The acting in this film was great. I feel that Goldblum was the best choice for the role. He looks highly intelligent and his humor matches that. I would envision someone of his caliber would have to use sarcasm and as someone who is highly sarcastic as well, it is great to see. I also love seeing the struggle with him giving up when he thinks he is dying and then go back to thinking he is God-like due to the changes his body is going through. I also thought that Davis was a solid choice as the female lead. Seeing her breakdown as Goldblum changes was great. It raises the tension and her moral dilemma is a tough one. I also thought Getz was good as the ex-boyfriend. You see that he still cares for Davis, but she wants him to move on and let her live her life. He is vindictive and will do what he can to ruin Goldblum, even if he knows it won’t get her back.

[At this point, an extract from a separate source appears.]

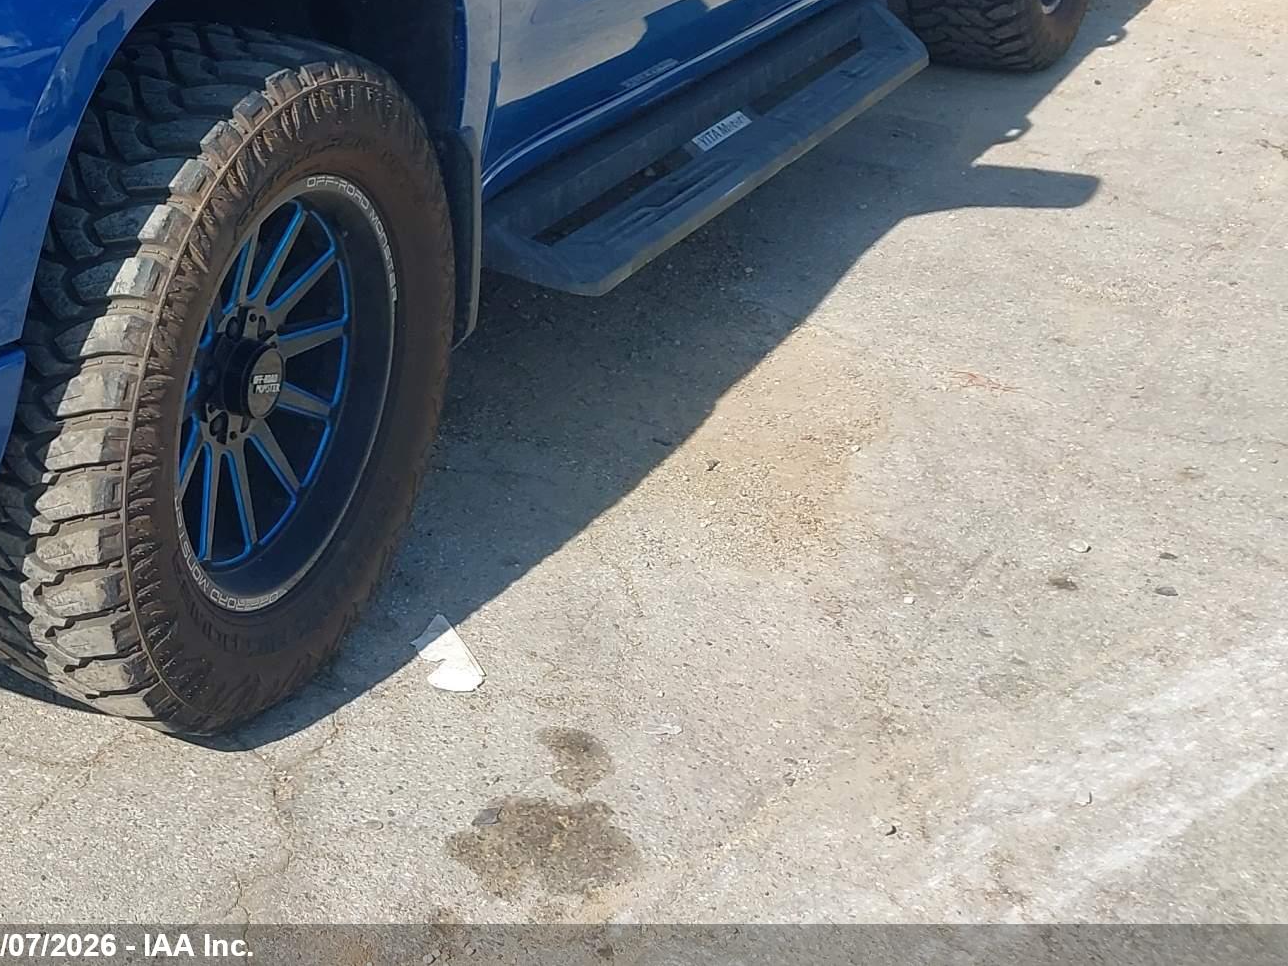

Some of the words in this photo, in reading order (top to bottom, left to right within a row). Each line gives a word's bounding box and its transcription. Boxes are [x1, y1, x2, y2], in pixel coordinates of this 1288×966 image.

[307, 176, 369, 210] OFF-ROAD
[368, 205, 398, 302] MONSTER
[253, 374, 278, 384] OFF-ROAD

I couldn’t do this review without touching on the practical effects. This is something that makes Cronenberg so great to me. He really turns Goldblum into a giant fly and it looks so realistic. It is great that they even have him start to eat in the way that a fly does, by vomiting an enzyme on what they are eating to break it down before putting it into their body. He makes Goldblum look so disgusting that it is amazing. The editing of the film didn’t necessarily stand out, but they do use some great camera angles, especially when Goldblum is able to attach to any surface like a fly. The soundtrack didn’t really stand out to me, but that tells me good choices were made as it doesn’t hurt the film.

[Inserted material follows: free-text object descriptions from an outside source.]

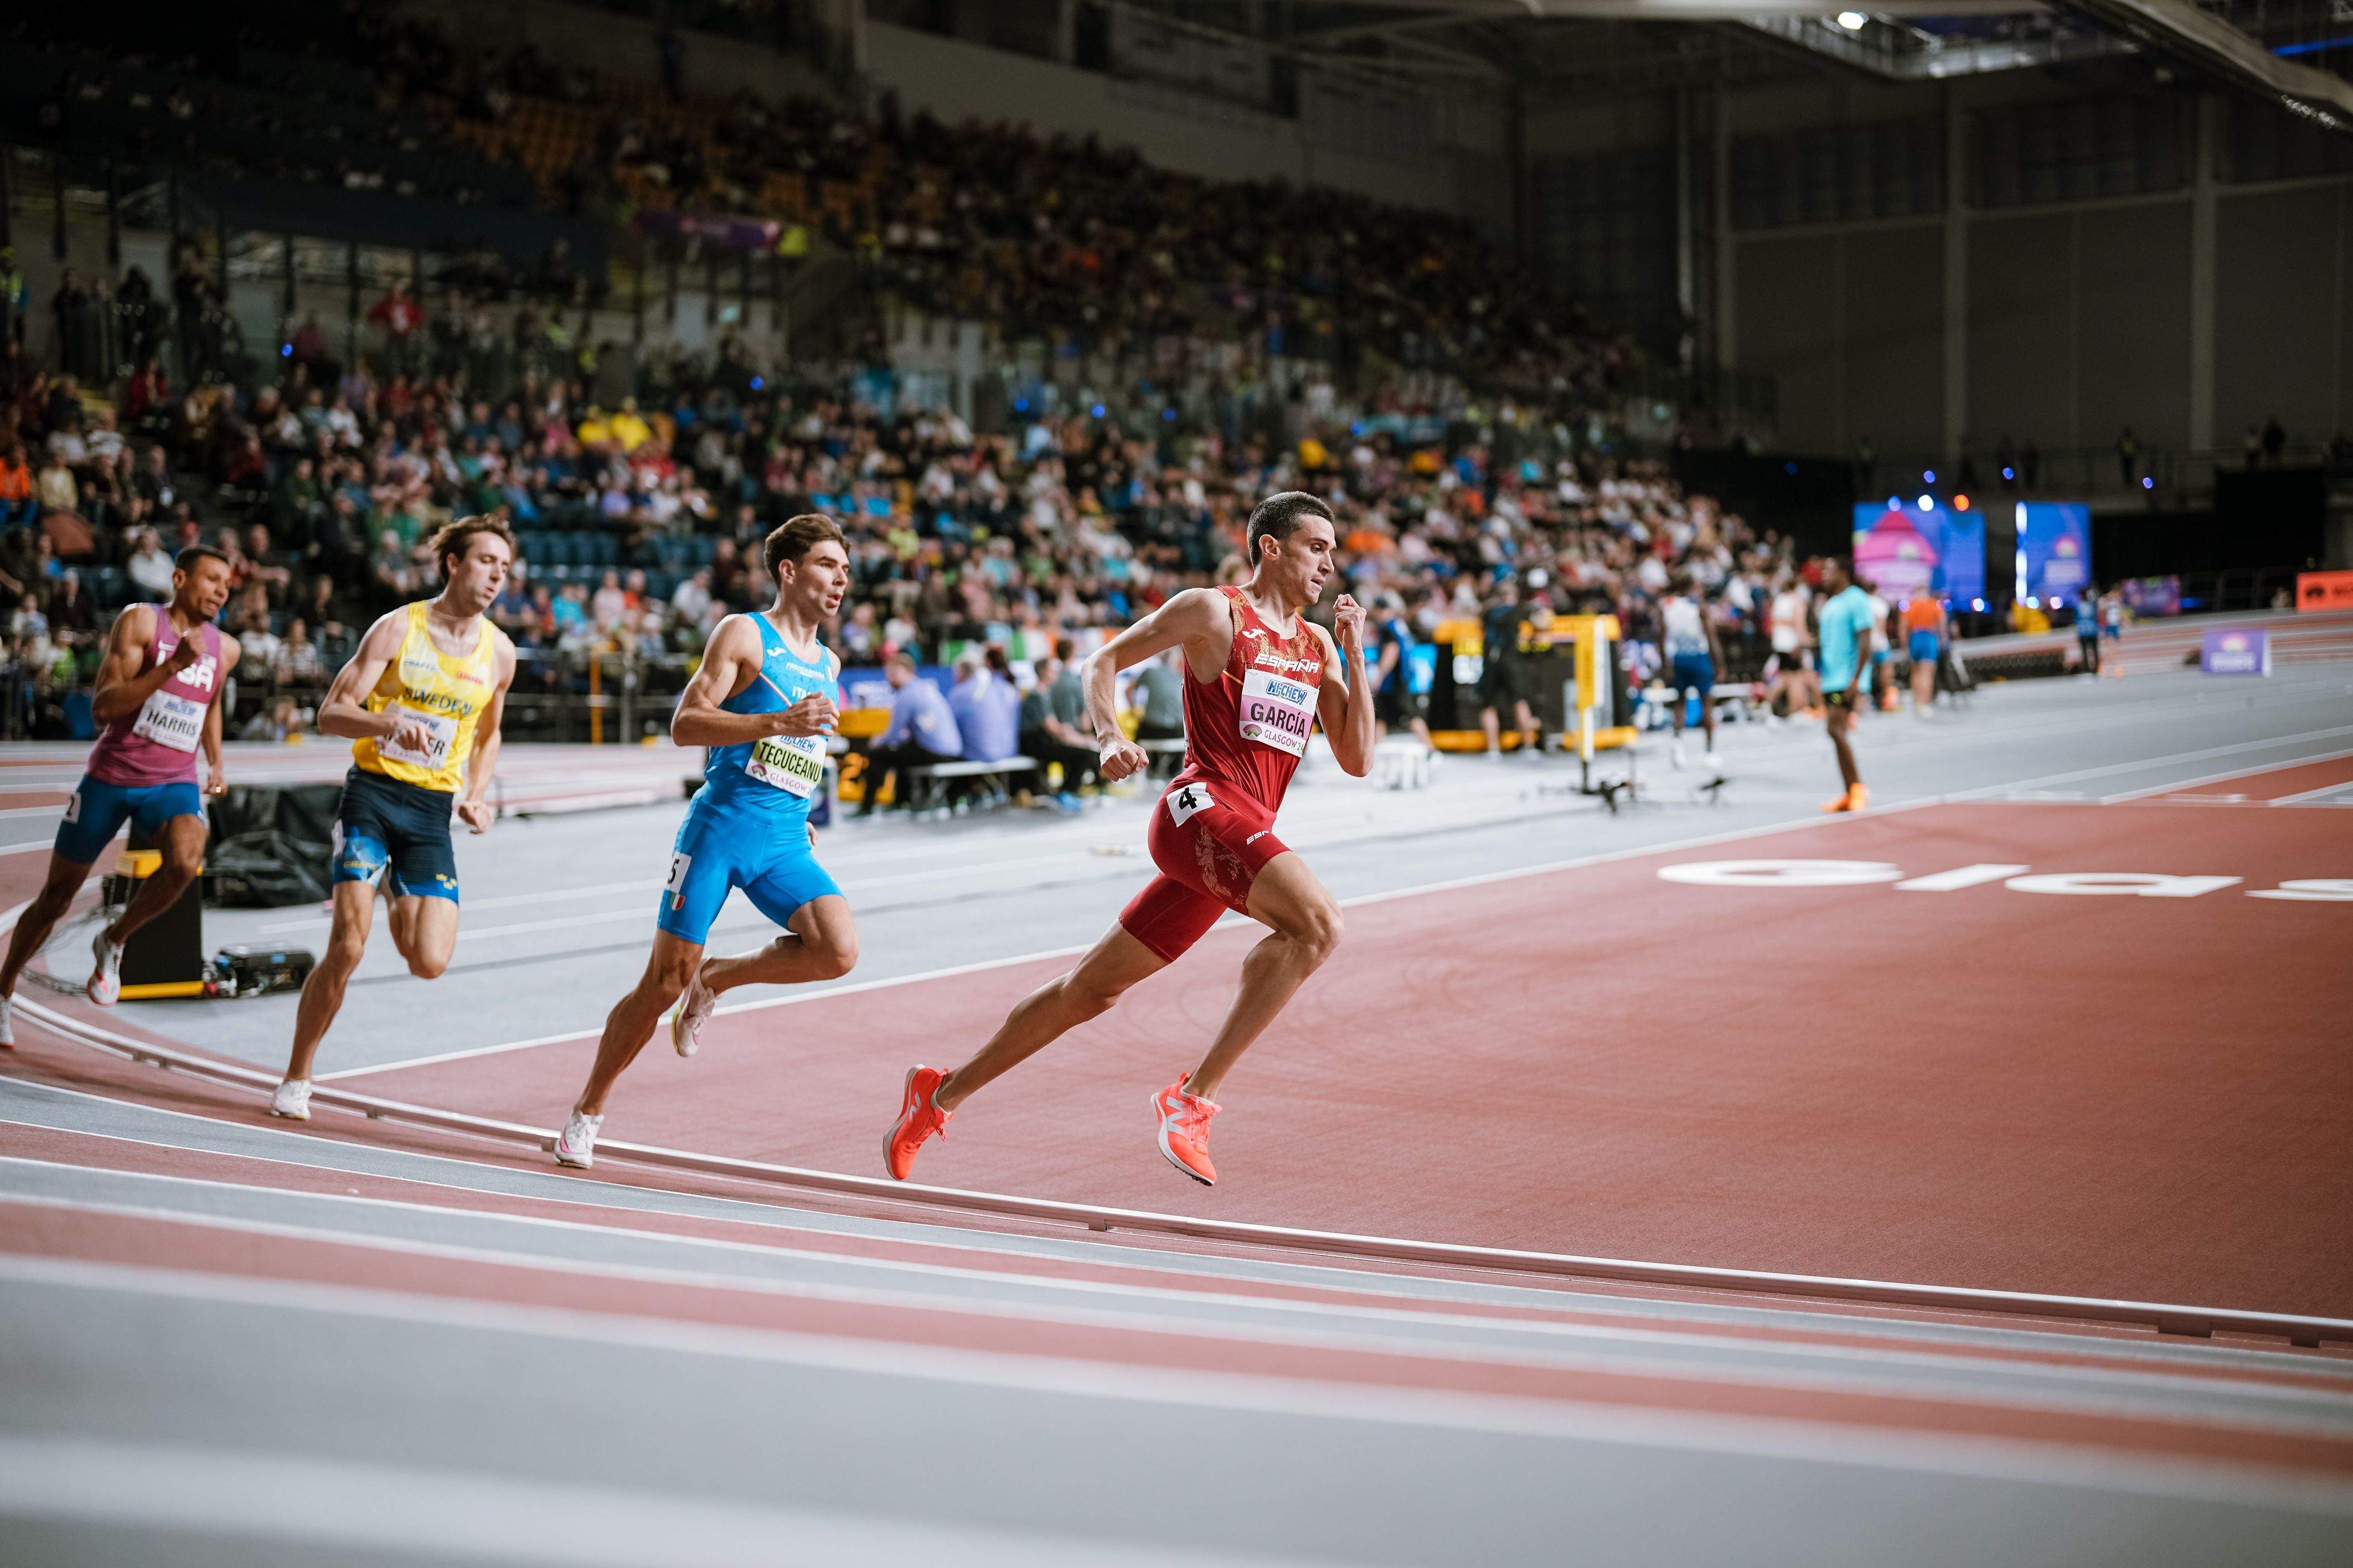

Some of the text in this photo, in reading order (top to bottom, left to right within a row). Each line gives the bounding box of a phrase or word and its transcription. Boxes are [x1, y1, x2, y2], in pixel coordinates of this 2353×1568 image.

[156, 649, 215, 693] SA
[1253, 653, 1320, 674] ESPAÑA
[403, 687, 472, 717] SWEDEN
[1266, 679, 1307, 705] HI-CHEW
[147, 708, 198, 737] HARRIS
[1251, 703, 1305, 737] GARCÍA
[1265, 729, 1297, 748] GLASGOW
[758, 742, 822, 782] TECUCEANU
[1179, 786, 1198, 810] 4

Now with that said, I would highly recommend seeing this film. The concept has just enough science to not scare you away and it gets quite crazy. The acting is great. You are torn rooting for Goldblum who steadily becomes a monster while his girlfriend Davis is breaking down at the inability to help him. The other side of this is Getz is a jerk, but you steadily see that Davis may need his help to deal with Goldblum. The practical effects are amazing. They are worth the price of admission alone. It is a little bit disgusting, but if you can handle that I would say to give this film a viewing.